Terry Page, executive vice president for clinical affairs at Bancroft, a facility with an international reputation for treating the most serious behavioral problems, called Goodman's death "a tragedy" -- but one that "had nothing to do with the occasional use of restraints."

"We don't like the fact we end up having to use restraints on people, and in an ideal world, we would never have to do that," Page said. "You use restraints as a last resort. If you use it, it's only as a small part of an overall positive prescriptive program."

Federal and state regulations allow a disabled person to be restrained to prevent injury to himself or others, or to intervene briefly when other so-called "positive" therapies have failed, according to Joaquin Perez, a federal developmental disability specialist.
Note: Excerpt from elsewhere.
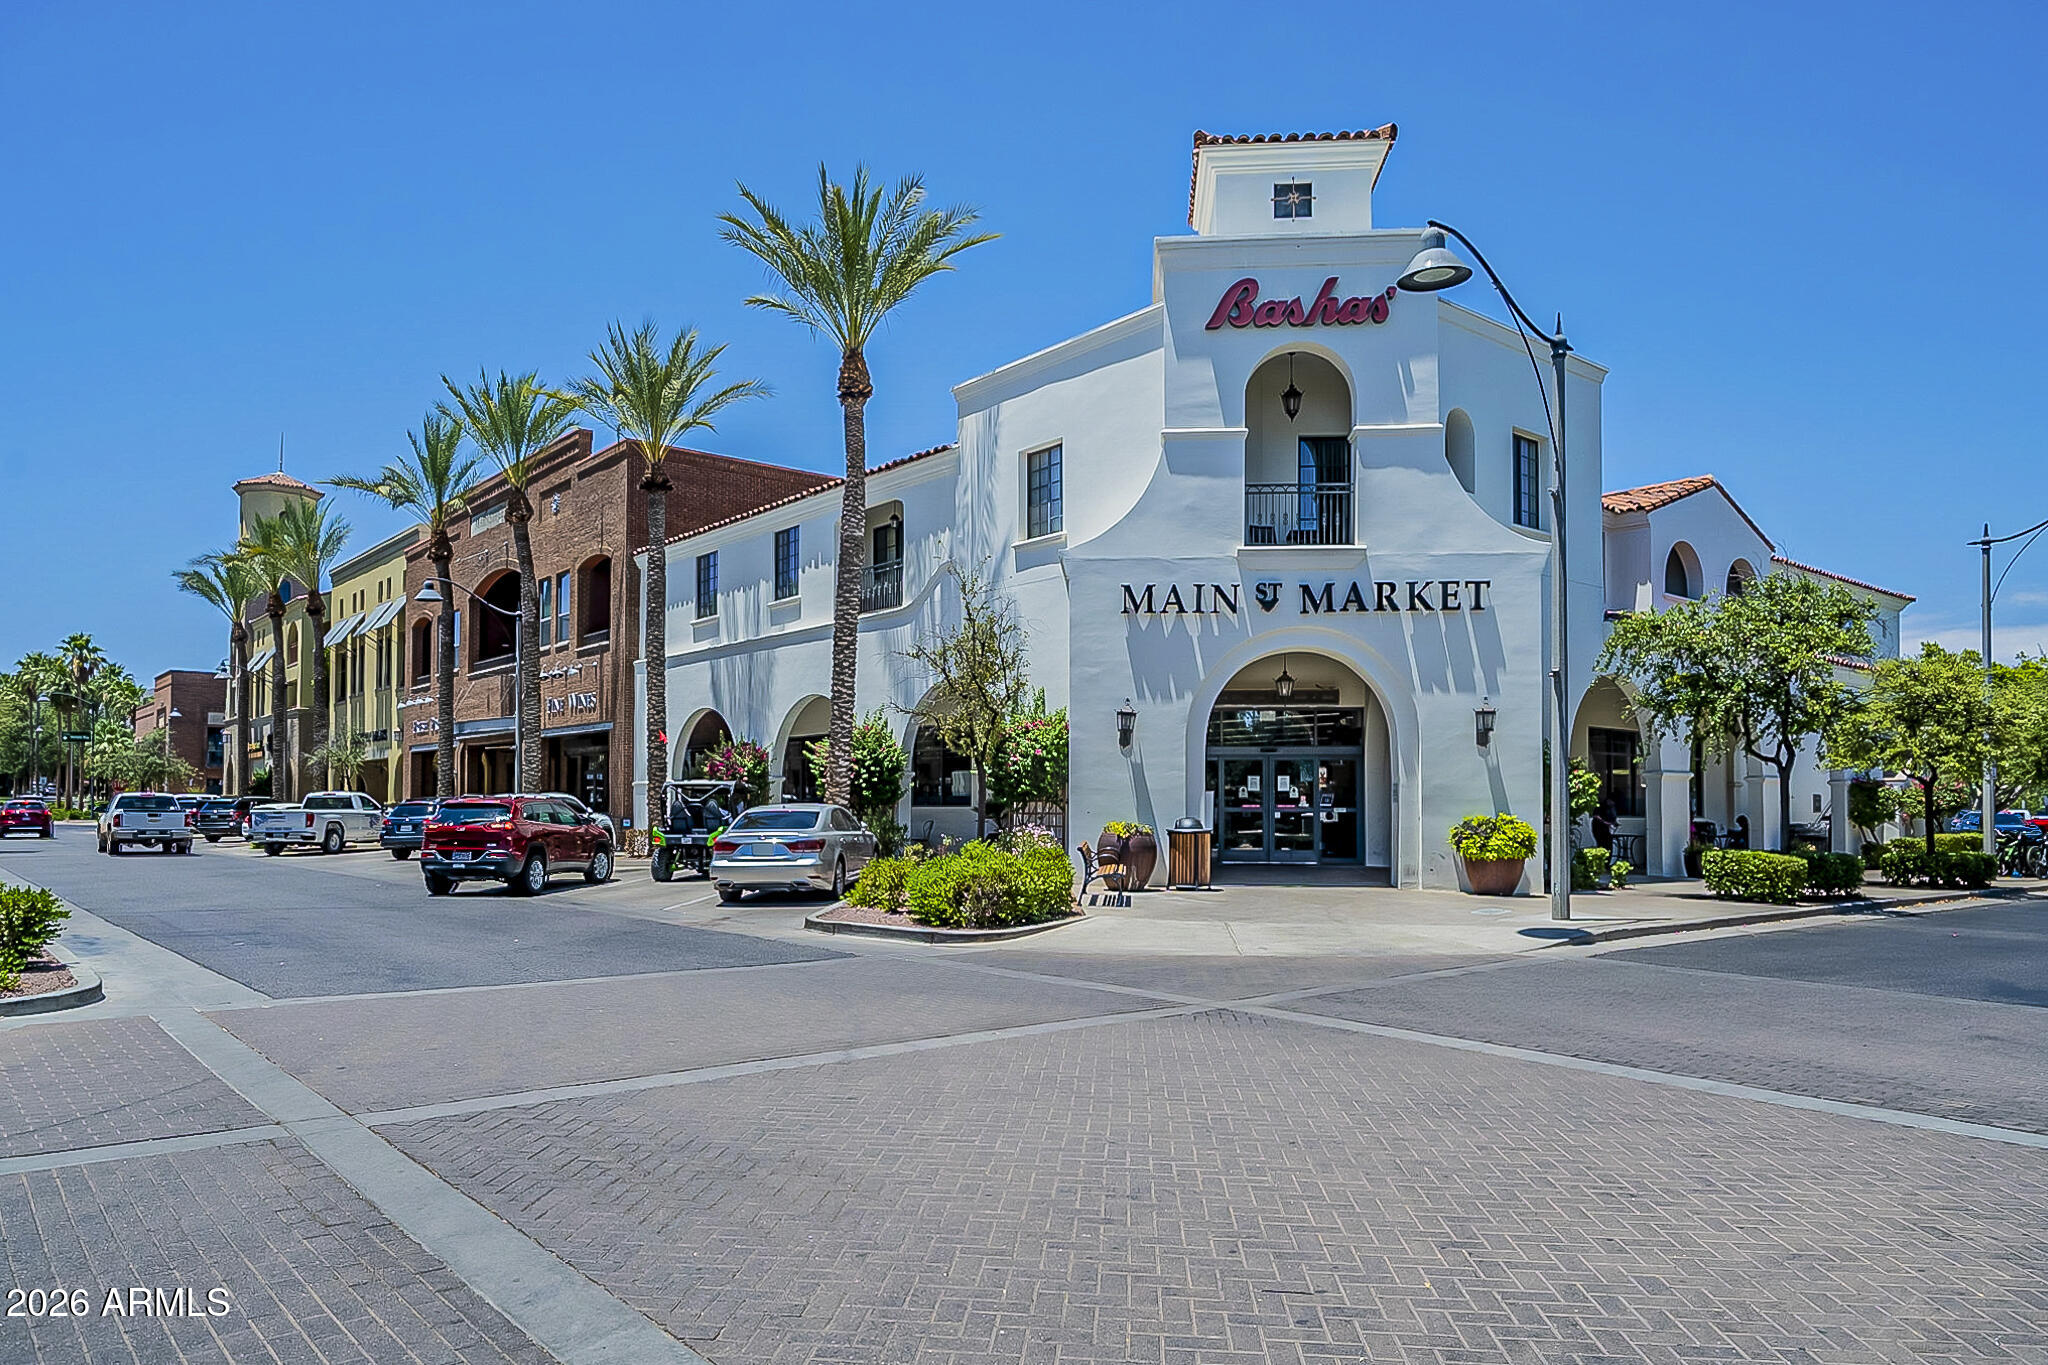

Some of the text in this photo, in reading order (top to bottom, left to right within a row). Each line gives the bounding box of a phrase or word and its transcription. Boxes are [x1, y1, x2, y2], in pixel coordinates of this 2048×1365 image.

[1205, 276, 1398, 330] Bashas'
[1120, 580, 1491, 614] MAIN ST MARKET
"There must be a clinical, sound justification for using more restrictive techniques, and they must ensure the guardian has been given informed consent," he said.

Now a New Jersey lawmaker, sparked in part by the Goodman case, is planning to introduce legislation designed to limit the use of restraints.

Assemblyman Eric Munoz (R-Morris), a physician, said he intends to push a plan that would emulate a Pennsylvania law. He said it has reduced the use of restraints in psychiatric hospitals by more than 90 percent since 1997.

The Pennsylvania law permits only a physician to order restraints, and limits their use to one hour. Chemical restraint through medication is prohibited. And data regarding the use of restraints must be available to the public.

"The state of the art for caring for these people has changed, but we in New Jersey stayed the same," Munoz said. "That's not the correct way of doing things in 2002."